**EXTRACTED MATERIAL:**
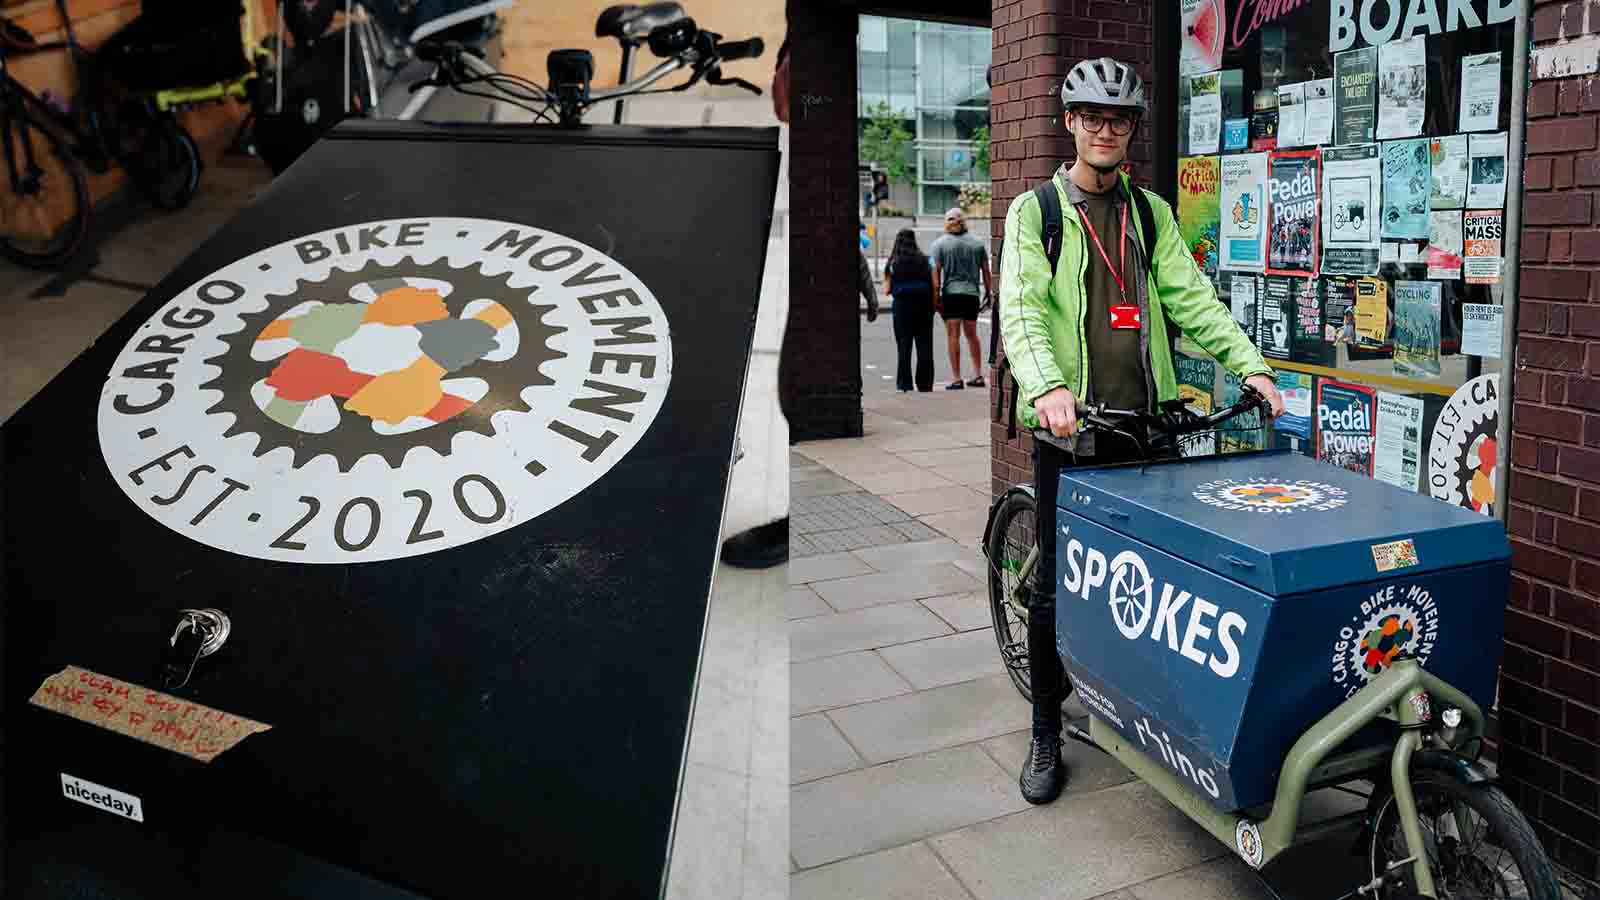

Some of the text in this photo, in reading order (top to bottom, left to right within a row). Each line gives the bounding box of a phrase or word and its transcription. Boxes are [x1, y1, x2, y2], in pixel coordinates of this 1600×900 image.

[1268, 167, 1316, 203] Pedal
[1274, 198, 1320, 225] Power
[1465, 216, 1501, 227] CRITICAL
[1465, 225, 1501, 240] MASS
[1396, 288, 1431, 300] CYCLING
[112, 221, 657, 464] CARGO BIKE MOVEMENT
[1317, 403, 1370, 430] Pedal
[1323, 430, 1375, 455] Power
[128, 444, 507, 553] EST 2020
[1063, 538, 1248, 678] SPOKES
[1332, 584, 1439, 683] CARGO BIKE MOVEMENT
[1133, 717, 1220, 799] rhino

**PROBLEM TO WORK ON:** A faithful, complete copy of the records above is required, one that contains no pictures.

**RESULT:**
Some of the text in this photo, in reading order (top to bottom, left to right within a row). Each line gives the bounding box of a phrase or word and its transcription. Boxes are [x1, y1, x2, y2], in pixel coordinates of this 1600×900 image.

[1268, 167, 1316, 203] Pedal
[1274, 198, 1320, 225] Power
[1465, 216, 1501, 227] CRITICAL
[1465, 225, 1501, 240] MASS
[1396, 288, 1431, 300] CYCLING
[112, 221, 657, 464] CARGO BIKE MOVEMENT
[1317, 403, 1370, 430] Pedal
[1323, 430, 1375, 455] Power
[128, 444, 507, 553] EST 2020
[1063, 538, 1248, 678] SPOKES
[1332, 584, 1439, 683] CARGO BIKE MOVEMENT
[1133, 717, 1220, 799] rhino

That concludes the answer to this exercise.